What's a real life example of a case in which the conditional expectation is not zero, but the non conditional expectation is zero?

Question

If I had to give an example to my grandmother of such a case, what would be a good real life example for a case in which

$ E[u|x]\neq 0 \quad \text{and} \quad E[u]=0 ?$

Thanks!

Answer 1

For any random variable $x$ with mean zero such that $P[x=0]\ne1$, for example $x$ standard normal, consider $u=x$. Then $E[u\mid x]=x$ almost surely hence the event $[E[u\mid x]=0]$ has probability zero, and $E[u]=E[x]$ is zero.

Add to this your favorite real-life situation modeled by a gaussian random variable.
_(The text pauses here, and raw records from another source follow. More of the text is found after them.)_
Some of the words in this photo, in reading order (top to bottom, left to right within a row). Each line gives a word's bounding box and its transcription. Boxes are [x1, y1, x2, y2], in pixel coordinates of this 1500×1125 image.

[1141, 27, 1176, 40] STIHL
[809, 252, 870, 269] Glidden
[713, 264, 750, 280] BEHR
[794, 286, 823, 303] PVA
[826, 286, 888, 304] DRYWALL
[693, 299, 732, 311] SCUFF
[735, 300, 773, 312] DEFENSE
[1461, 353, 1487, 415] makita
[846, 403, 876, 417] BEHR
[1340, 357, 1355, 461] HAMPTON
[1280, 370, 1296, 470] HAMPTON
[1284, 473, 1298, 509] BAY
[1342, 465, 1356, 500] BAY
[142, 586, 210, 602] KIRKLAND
Or, if Einstein's thought experiments count as real life, let $u$ denote the displacement of a pollen particle after $1$ minute and $x$ its displacement after $7$ minutes. Then $E[u]=E[x]=0$ and $x-u$ is independent of $u$ hence $E[x\mid u]=u+E[x-u]=u$, which is nonzero with full probability.
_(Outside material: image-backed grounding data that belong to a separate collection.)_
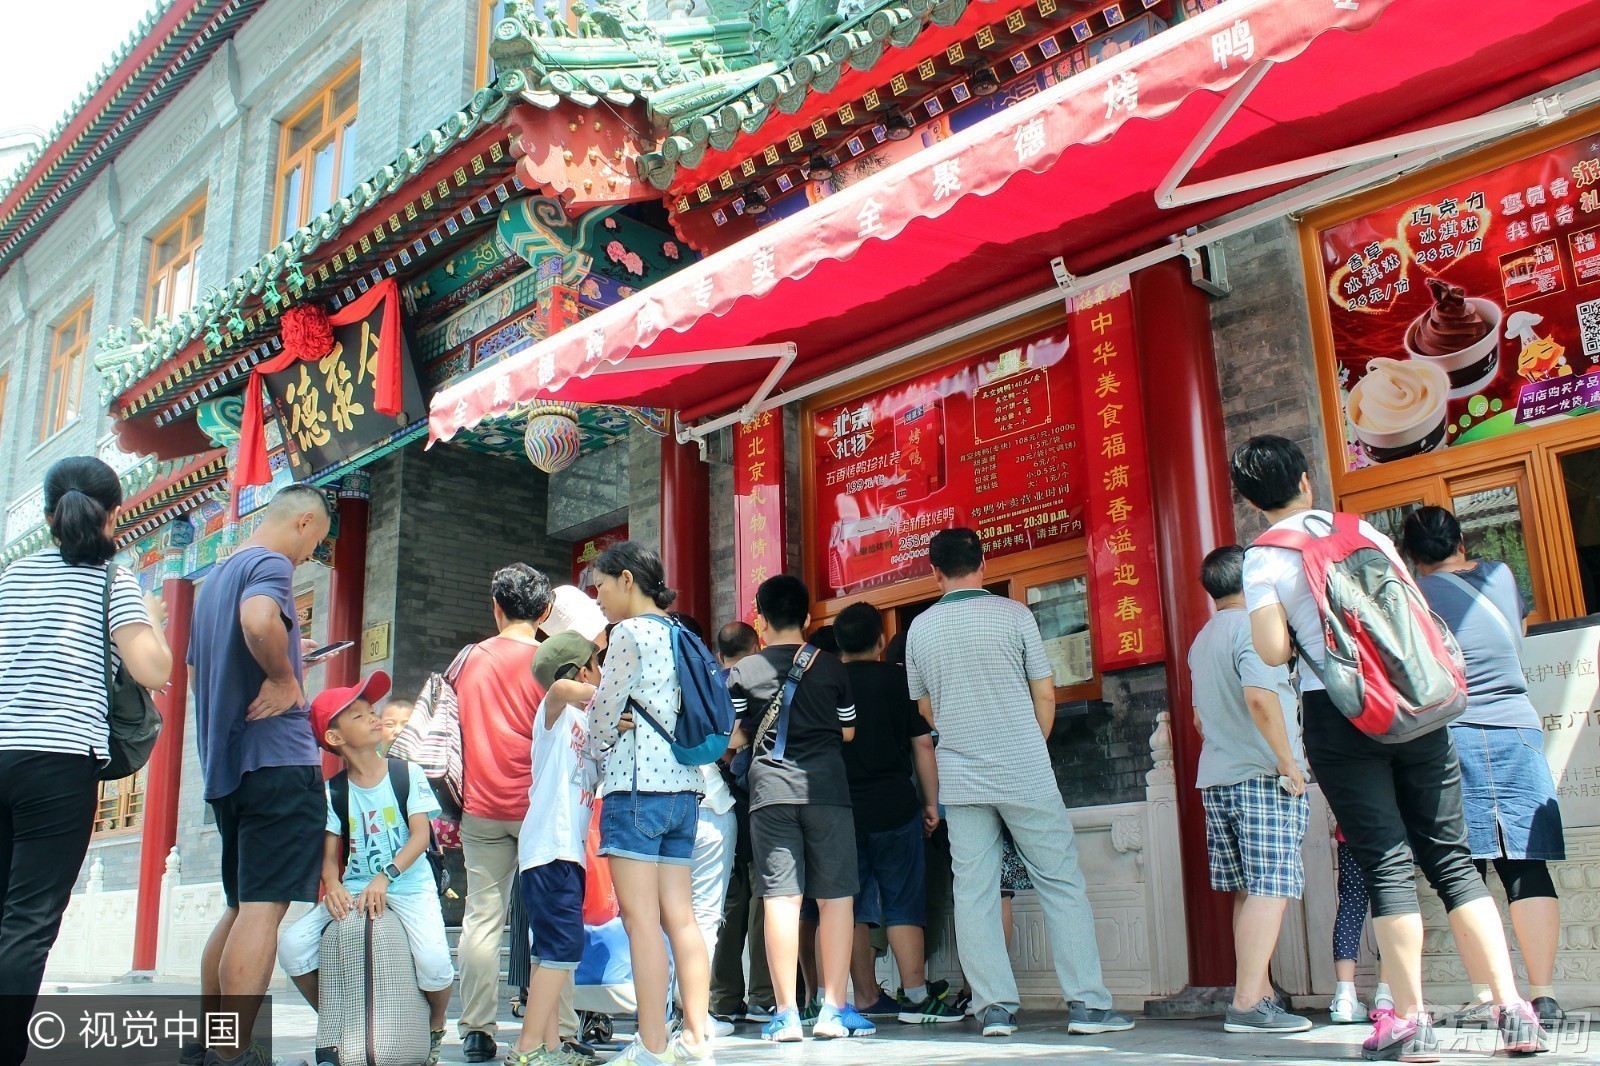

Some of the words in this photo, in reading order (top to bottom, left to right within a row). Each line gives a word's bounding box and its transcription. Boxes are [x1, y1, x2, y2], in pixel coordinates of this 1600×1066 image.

[857, 0, 1360, 238] 全聚德烤鸭
[1411, 191, 1485, 226] 巧克力
[1418, 217, 1479, 243] 冰淇淋
[1347, 242, 1382, 272] 香草
[1416, 237, 1483, 265] 28元/份
[1344, 254, 1401, 294] 冰淇淋
[1348, 278, 1410, 312] 28元/份
[1522, 375, 1600, 405] 网店购买产品
[833, 407, 872, 438] 北京
[836, 433, 867, 460] 礼物
[826, 451, 902, 487] 五香烤鸭珍礼装
[1091, 312, 1145, 655] 中华美食福满香溢迎春到
[971, 484, 1070, 518] 烤鸭外卖营业时间
[888, 507, 955, 538] 外卖新鲜烤鸭
[996, 523, 1015, 536] a.m.
[1023, 512, 1049, 529] 20:30
[1050, 509, 1070, 524] p.m.
[370, 641, 380, 657] 30
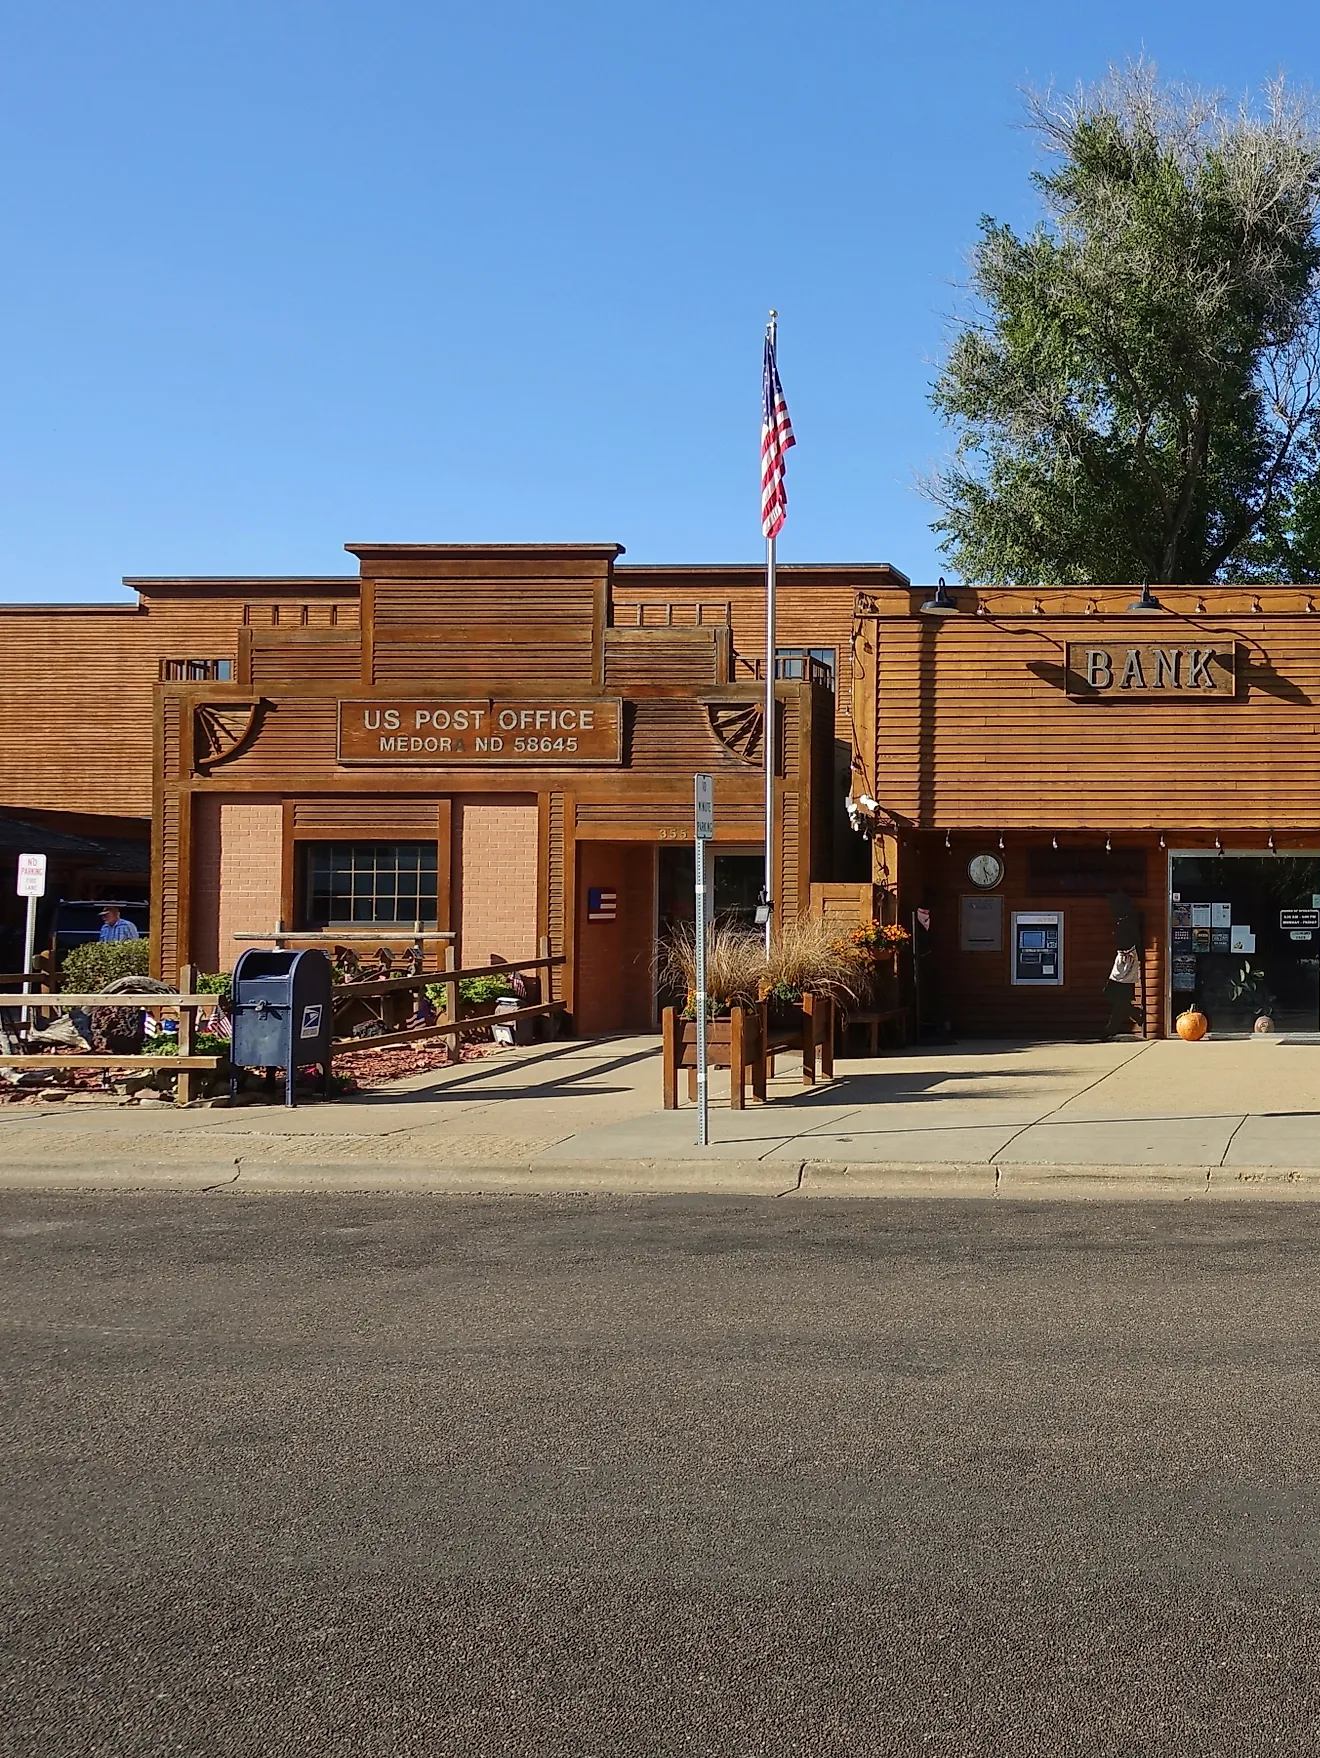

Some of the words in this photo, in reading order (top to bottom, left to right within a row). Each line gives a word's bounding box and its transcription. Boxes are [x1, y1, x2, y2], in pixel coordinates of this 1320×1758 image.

[1085, 649, 1215, 688] BANK
[363, 709, 401, 730] US
[414, 709, 485, 730] POST
[498, 709, 595, 730] OFFICE
[475, 737, 504, 752] ND
[513, 737, 578, 752] 58645
[697, 821, 713, 832] PARKING
[659, 828, 688, 839] 355
[27, 859, 38, 867] NO
[21, 867, 43, 876] PARKING
Or, if your grandmother is allergic to pollen, replace the pollen particle by a drunkard walking in the street, à la Pólya.

Answer 2

$E[X| X=1]$ for arbitrary $X \in \{ \pm 1\}$ with $P(X=1) =P(X=-1)=\frac{1}{2}$

This is a trivial example. Put in for $X$ getting one USD for it's raining tomorrow, and $X$ paying one USD for not.

Answer 3

Admittedly, this might be a bit of a stretch but maybe this is what you're looking for.

Because of the communications when you are to visit your grandma, it is hard for you to say exactly when you're going to be there. But a fitting description of your arrival is that it's normally distributed around 3 PM (for some reason... !). We can then view $u$ as the deviation from 3 PM that you arrive -- if you arrive at 2.50 PM $u=-10$ and so on. Its expected value is $0$, since you expect to arrive at 3 PM sharp. $x$ can then for example be the deviation from the estimated time of arrival of the bus that you're taking. Conditional on the bus, you are no longer expected to arrive at 3 PM sharp.